Topic 2 Flashcards
What is effective competition
Banks compete to serve customers well rather than exploiting lack of consumer awareness or poor regulation - acting with best motives to make products meet consumer needs and are reasonably priced
5 features of good competition
Lots of competition
All products are well designed and respond to customers needs and long term interests
Charged at reasonable interest rates and fees that are fair and reflect cost of provision
Do not sell unless suitable and no undue pressure
Transparency
4 features of bad competition
Few large and powerful providers that aim only to maximise profit
3 examples of wasteful competition
Spend lots of money designing, branding and marketing an only slightly different product - could’ve been better spent on reducing price of existing products
Added features are wasted if they are not necessary eg) packaged accounts
Excessive advertising is wasteful and annoying
Why do new financial products become more complex? Why s this bad?
In order to differentiate, providers add special features which impose additional conditions to the T&Cs
This is not good because to be sustainable, consumers must be well informed about products
Consumers are the demand side of the market, they rarely act together to tell providers what they want, if consumers are well informed and financially capable, the demand side would become more powerful, demonstrated by which 2 key ways?

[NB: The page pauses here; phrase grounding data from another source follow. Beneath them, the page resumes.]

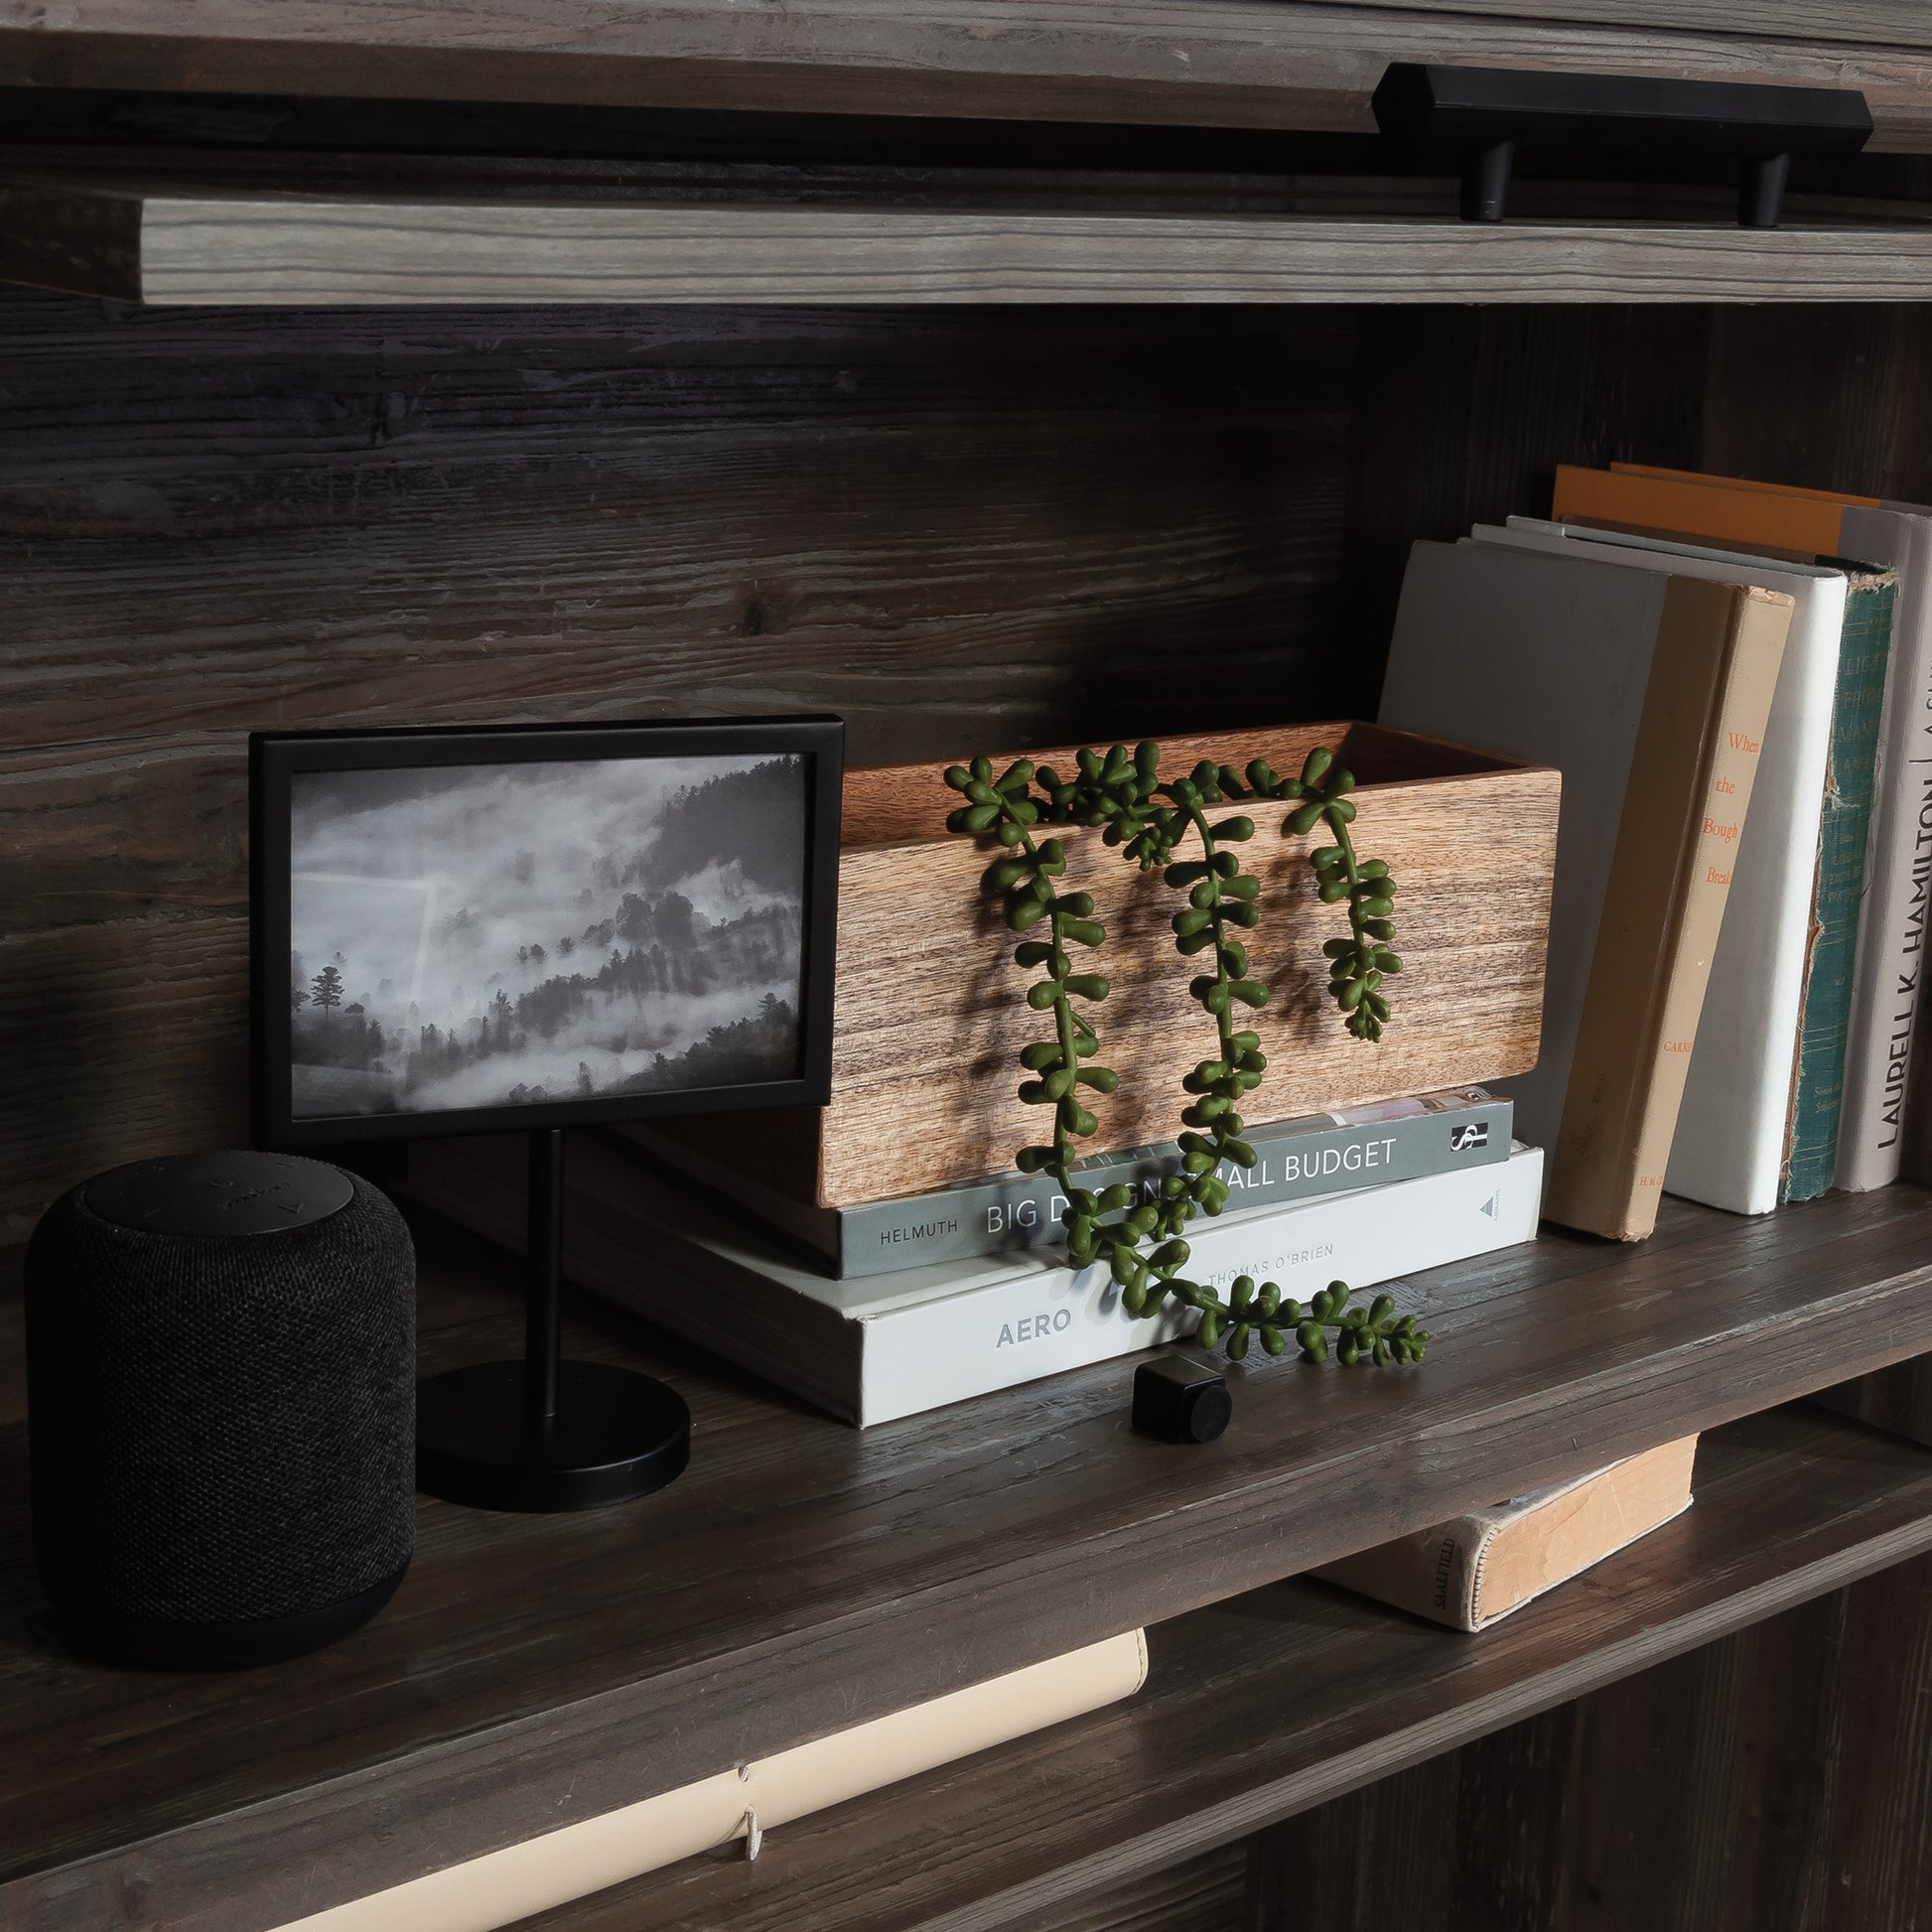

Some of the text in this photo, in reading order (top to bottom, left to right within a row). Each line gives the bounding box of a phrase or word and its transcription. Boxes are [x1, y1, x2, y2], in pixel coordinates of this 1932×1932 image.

[1728, 732, 1759, 754] When
[1716, 776, 1735, 794] the
[1703, 817, 1738, 843] Bough
[1877, 1000, 1915, 1150] LAURELL
[1897, 960, 1919, 994] K.
[987, 1138, 1398, 1233] BIG DGN ALL BUDGET
[880, 1219, 958, 1245] HELMUTH
[1208, 1244, 1333, 1286] THOMAS O'BRIEN
[996, 1309, 1071, 1348] AERO
[1435, 1538, 1455, 1609] SAALFIELD
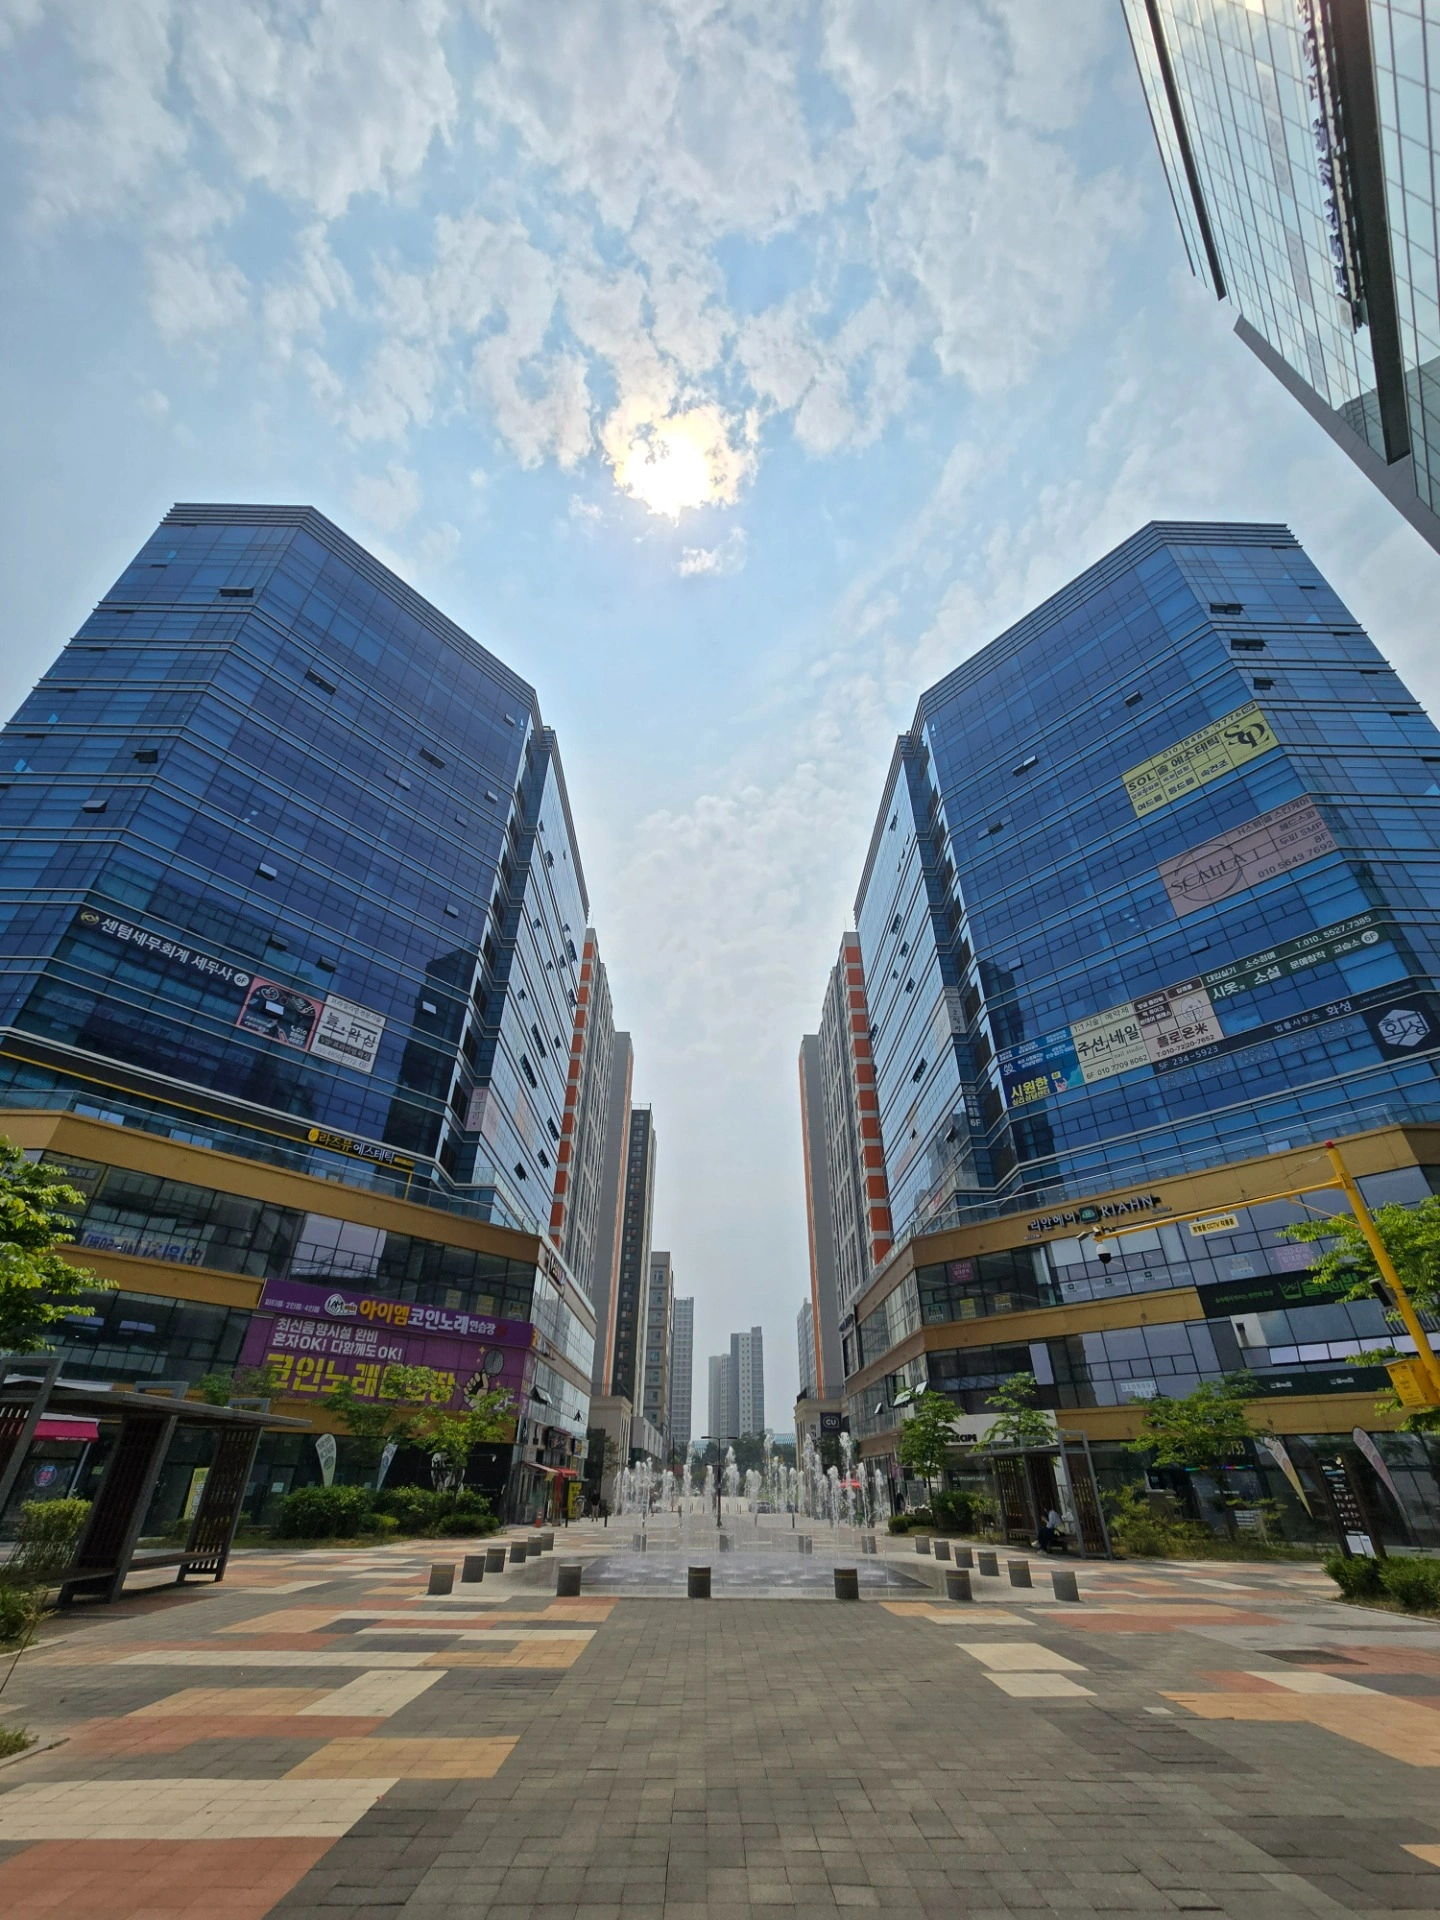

Customers must be willing and able to compare products to find ones which are most suitable
Customers must be willing and able to switch providers without incurring a penalty charge, if they find a cheaper product - large degree of inertia (fear or change) so do not make changes regularly
What is a pressure group
Represents the views of consumers, aiming to give them a voice and increase the power of the demand side
Save Our Savers is a pressure group which believes savers must be supported and rewarded for saving, what do they campaign against
Devaluation of savings through inflation
Artificially low interest rates
Unfair legislation and taxation
Exploitive financial practices
The Financial Services Consumer Panel is an independent voice for consumers of financial services what are their 6 main interests
Supervision of consumer credit sector
Consumers ability to obtain redress and compensation
Making sure products do as they say
Price transparency, financial advice and product accessibility
FCAs remit to deal with issues that prevent effective competition
Effective consumer representation at EU levels
What 2 key aspects affect degree of competition for the supply side
Degree of competition
Barriers to entry
Explain the degree of competition in the financial services industry
A highly concentrated market, lots of big banks taking over weaker ones, concentration ratio defines what % of the market is owned by each provider
The big 5 make up 85% of the current account market
What is a key issue with trying to compete on oligopolistic market
Consumers have a lot of knowledge of their products and prices, so compete less on price and more on product differentiation and heavy marketing
What are the key barriers to entry that the CMA found new firms face
There is existing customer loyalty to other brands and customer preference for bigger brands
These barriers deter new firms as they do not believe that they can gain enough to cover their higher start up costs and achieve successful market share
Financial regulators want more competition to encourage better service and lower charges and more choice for consumers, this must be ‘genuine competition’ what does this mean?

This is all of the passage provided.